Understanding PASCAL VOC Dataset
— Technical, Machine Learning — 5 min read
Object detection refers to the ability of computer systems to locate desired types of objects from an image/scene.
For object detection, the train data is either represented using XML files or JSON files. Each representation has its pros and cons.
In this article, we will be understanding how one such dataset representation helps us with object detection.
We will discuss what the PASCAL VOC format is, the history behind it, and how we use it for object detection.
We will also build a simple dataset format validator using Python to verify if the dataset adheres to the rules of the PASCAL VOC format.
Table of contents
Prerequisites
To follow along, the reader must have the following:
- A good understanding of how to work with machine learning datasets.

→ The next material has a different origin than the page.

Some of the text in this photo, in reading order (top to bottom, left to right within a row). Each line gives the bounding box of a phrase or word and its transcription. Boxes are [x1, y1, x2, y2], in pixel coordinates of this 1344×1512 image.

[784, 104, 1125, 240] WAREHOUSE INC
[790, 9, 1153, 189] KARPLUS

- A decent understanding of object detection.
- Good knowledge of Python.
- A code editor of your choice.
Introduction
For a machine learning model to detect objects of an image, it must be trained with a dataset that holds all information about the objects present in an image.

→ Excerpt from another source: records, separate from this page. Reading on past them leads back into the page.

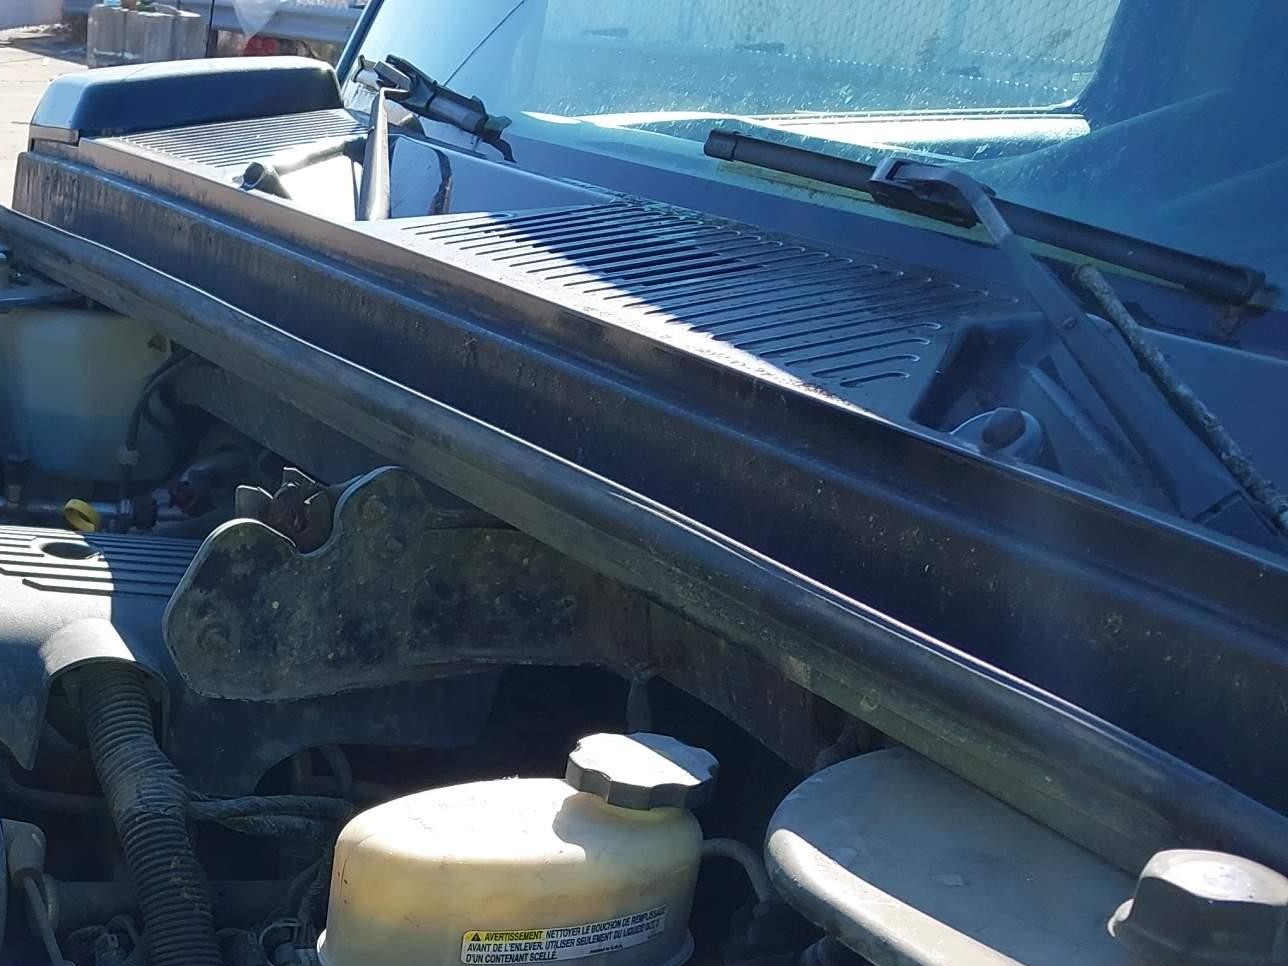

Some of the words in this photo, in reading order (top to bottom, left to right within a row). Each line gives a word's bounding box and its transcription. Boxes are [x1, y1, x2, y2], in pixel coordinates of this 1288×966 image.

[467, 944, 492, 952] AVANT
[493, 943, 503, 952] DE
[545, 938, 575, 950] UTILISER
[576, 933, 612, 946] SEULEMENT
[614, 930, 622, 940] DU
[623, 925, 646, 938] LIQUIDE
[485, 931, 543, 941] AVERTISSEMENT
[546, 927, 581, 938] NETTOYER
[582, 925, 591, 935] LE
[592, 919, 622, 933] BOUCHON
[622, 917, 631, 926] DE
[466, 954, 484, 963] D'UN
[485, 952, 529, 963] CONTENANT

The dataset that contains information about all objects present in an image is built using a process called Annotation.
In the context of object detection, annotation helps us map an object to its respective label by drawing a rectangular box (called bounding box) over the object.

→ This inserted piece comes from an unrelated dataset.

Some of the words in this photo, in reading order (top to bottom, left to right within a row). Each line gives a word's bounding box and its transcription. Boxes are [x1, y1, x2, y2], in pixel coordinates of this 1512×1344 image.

Source: An example of annotation by becominghuman.ai
As you can see in the above image, we map the objects with their respective labels like a car
, person
, bicycle
, or traffic light
.
Each object-label mapping is represented with a rectangular box called "Bounding box". Bounding boxes are a series of coordinates or values that represent the position of an object in an image.
The representation of bounding boxes might vary according to the dataset.
Let's discuss more about bounding boxes in the upcoming sections.
PASCAL VOC
This dataset provides standardized images for object detection and segmentation problems.
These datasets are built using tools that follow standardized procedures for the evaluation and comparison of different methods.
In 2008, PASCAL VOC datasets were declared as the benchmark for object detection.
History behind PASCAL VOC
Pattern Analysis, Statistical Modelling, and Computational Learning (PASCAL) ran a series of challenges for object detection from 2005 to 2012 following a standardized file structure for holding these image annotations.
The PASCAL Visual Object Classes (VOC) challenge had two main components:
- A publicly available dataset with standardized evaluation software.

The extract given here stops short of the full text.